Concerning “THE DECLARATION OF THE 25th WORLD CONGRESS OF THE RUSSIAN PEOPLE, PRESENT AND FUTURE OF THE RUSSIAN WORLD”, the work of which was made public on March 27, 2024.

The Council of the “Archdiocese of Orthodox Churches of Russian Tradition in Western Europe” wishes to recall that the reference to the Russian tradition in its title echoes first and foremost the precise circumstances and conditions of its beginnings: the Russian Revolution and what followed, namely the establishment of an atheist regime that in turn led to a significant emigration from Russia into Western Europe and more particularly into France. Secondly, the heritage of the Russian Orthodox spiritual tradition, as it was reasserted in particular by the Council of Moscow (1917-1918), included in its concerns pastoral care, help for migrants, and mission in the new lands that welcomed them.

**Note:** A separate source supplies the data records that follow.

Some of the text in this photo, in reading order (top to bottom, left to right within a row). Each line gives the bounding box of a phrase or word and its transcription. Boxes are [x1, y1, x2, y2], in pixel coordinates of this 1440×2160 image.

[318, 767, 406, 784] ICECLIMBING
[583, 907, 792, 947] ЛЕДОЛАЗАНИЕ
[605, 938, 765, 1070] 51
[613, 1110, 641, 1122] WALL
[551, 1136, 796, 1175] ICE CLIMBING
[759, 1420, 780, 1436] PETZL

This led quite naturally to the Archdiocese occupying a privileged ecclesial space of witness and mission, from that point to the present.

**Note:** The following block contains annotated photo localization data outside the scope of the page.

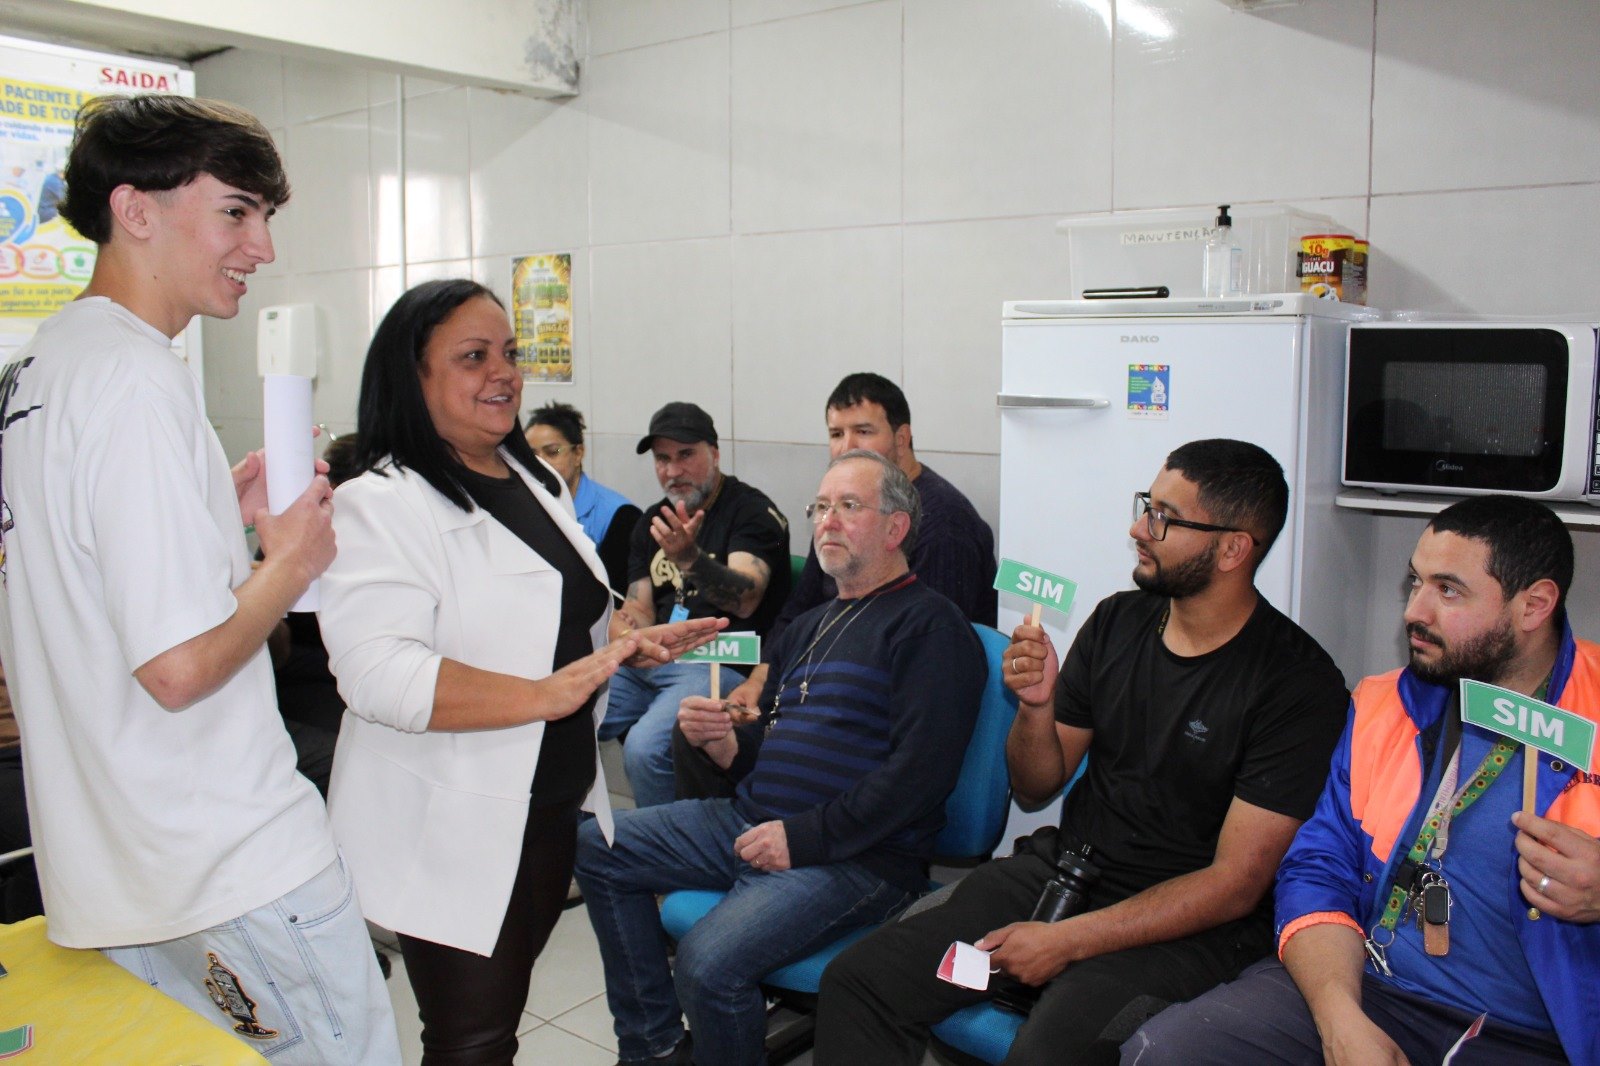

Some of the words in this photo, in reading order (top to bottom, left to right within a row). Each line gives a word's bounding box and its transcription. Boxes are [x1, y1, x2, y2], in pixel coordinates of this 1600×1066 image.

[5, 85, 71, 105] PACIENTE
[29, 103, 47, 118] DE
[1309, 244, 1329, 256] 10g
[1120, 335, 1160, 343] DAKO
[1016, 571, 1064, 604] SIM
[692, 640, 739, 657] SIM
[1492, 697, 1564, 747] SIM

In light of the Russian spiritual and theological renaissance in Orthodox liturgy and ecclesiology initiated by the St Sergius Institute as founded by Metropolitan Evlogius, the Archdiocese has favoured a warm welcome and openness to others – which underlies the European dimension of the Archdiocese, including its multiethnic nature and its multilingual approach to liturgy. It is by this open and unifying witness, exhibited in the spiritual testimony of Metropolitan Evlogius who said, ‘freedom of the spirit in the Church is sacred’, that many members of the Archdiocese—lay and clergy alike, along with others—have been able to reach out to Orthodox of other nationalities and jurisdictions. While continuing to attend to the faithful from the first emigration and their descendants, the Archdiocese has also extended pastoral care to indigenous Westerners who come to confess the Orthodox faith locally.

A lively and creative fidelity to the Russian tradition, both spiritual and theological, pays particular attention to knowledge of God through the eschatalogical significance of the Incarnation, where the coming together of the divine and human is understood as reconciliaiton and as restoration of likeness. This above all is witness to the Orthodox faith here and now, in the world, ‘so that the world may come to believe’ (John 17:21).

From this perspective, just as in Christ there is neither Jew nor Greek (Galatians 3:28), so neither is there Russian, nor Ukrainian, nor Moldovan, French, German, Polish, Italian, American. Neither is there West nor East, there is no cross-border Russian people. There are no people bringing redemption other than all the baptized, who together constitute ‘a royal priesthood, a holy nation’ (1 Peter 2:9), the Church.

The word that the Church brings is not of culture, of social or demographic management, of ethnic regulation or a geopolitical program.

The Church brings the Good News: ‘Make disciples of all nations, baptising them in the name of the Father and of the Son and of the Holy Spirit, teaching them to keep all that I have commanded you  (peace: “be ye artisans of peace”; unity: “be one”, love: “love one another”).  And I am with you always until the end of time.’ (Mathew 28:20).